Open Concept Lab (OCL) supports healthcare interoperability by providing tools for managing terminologies and standardized health concepts across diverse healthcare environments. Laboratory data represent one of the most complex and important domains for healthcare interoperability. A key factor in this work is mapping local laboratory data to LOINC (Logical Observation Identifiers Names and Codes), the global standard for laboratory tests and clinical observations. While LOINC enables consistent exchange of laboratory data across systems, accurate mapping remains a complex and labor-intensive process due to variations in naming conventions, incomplete metadata, abbreviations, and the scale and specificity of the terminology itself.
To help address these challenges, OCL collaborated with Parvati Naliyatthaliyazchayil and colleagues at Indiana University to implement and evaluate ScispaCy-LOINC, a novel biomedical NLP-based algorithm she developed to improve mapping performance for heterogeneous laboratory data. The algorithm leverages biomedical language models, identifies entities corresponding to the six LOINC axes, assembles candidate LOINC codes from the resulting LOINC parts, and applies a weighted ranking framework to prioritize the most likely matches. Through this collaboration, the algorithm was incorporated into OCL’s open-source mapping solution, the OCL Mapper, where it was evaluated alongside existing keyword and semantic matching approaches.
In benchmarking on the MIMIC-IV laboratory dataset, ScispaCy-LOINC identified the correct LOINC code in 42.3% of concepts, compared with 21.4% and 19.5% for semantic and conventional keyword matching approaches, respectively. On a second dataset with full-text descriptions, however, the picture reversed: semantic matching led at 54.4%, with 46.9% and 28.4% for keyword and ScispaCy-LOINC algorithms, respectively. The results suggest that biomedical NLP techniques may be particularly effective when working with sparse, abbreviated, or structurally noisy text, as is the norm in most point of care data sources, while semantic search approaches remain valuable for broader clinical concept matching.

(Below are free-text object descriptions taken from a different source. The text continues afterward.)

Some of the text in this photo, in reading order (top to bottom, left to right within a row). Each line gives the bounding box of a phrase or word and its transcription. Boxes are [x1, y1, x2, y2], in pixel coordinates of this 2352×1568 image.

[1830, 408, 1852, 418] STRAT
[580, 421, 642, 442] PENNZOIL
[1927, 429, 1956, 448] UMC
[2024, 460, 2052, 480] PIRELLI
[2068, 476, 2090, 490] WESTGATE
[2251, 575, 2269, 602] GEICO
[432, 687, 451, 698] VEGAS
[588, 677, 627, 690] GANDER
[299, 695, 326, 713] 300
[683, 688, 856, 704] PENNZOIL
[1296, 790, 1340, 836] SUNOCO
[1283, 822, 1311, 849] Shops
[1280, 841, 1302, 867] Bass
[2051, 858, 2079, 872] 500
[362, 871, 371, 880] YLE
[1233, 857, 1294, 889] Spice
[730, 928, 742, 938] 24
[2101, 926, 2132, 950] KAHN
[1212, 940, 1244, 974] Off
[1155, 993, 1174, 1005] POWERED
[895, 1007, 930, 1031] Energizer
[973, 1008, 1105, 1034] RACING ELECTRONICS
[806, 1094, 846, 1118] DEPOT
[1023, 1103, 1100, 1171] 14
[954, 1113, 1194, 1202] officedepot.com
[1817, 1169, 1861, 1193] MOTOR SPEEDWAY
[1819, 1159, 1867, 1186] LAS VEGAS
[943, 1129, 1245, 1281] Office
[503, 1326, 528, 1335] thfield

This points to an important observation: different algorithms win on different inputs. For a terse lab string like “Absolute Basophil Count,” only ScispaCy-LOINC returned the exact LOINC code — keyword search latched onto an unrelated term containing “absolute,” and semantic search found the right analyte but the wrong method — yet for higher-frequency, fully described terms the keyword and semantic algorithms often ranked the answer first. Terminology matching is optimized by combining multiple algorithmic approaches, where each contributes distinct candidates to a shared pool that is then ranked for the best match.
The incorporation of ScispaCy-LOINC into OCL Mapper broadened the platform’s automated terminology mapping capabilities and provided users with an additional approach for matching complex laboratory concepts to LOINC.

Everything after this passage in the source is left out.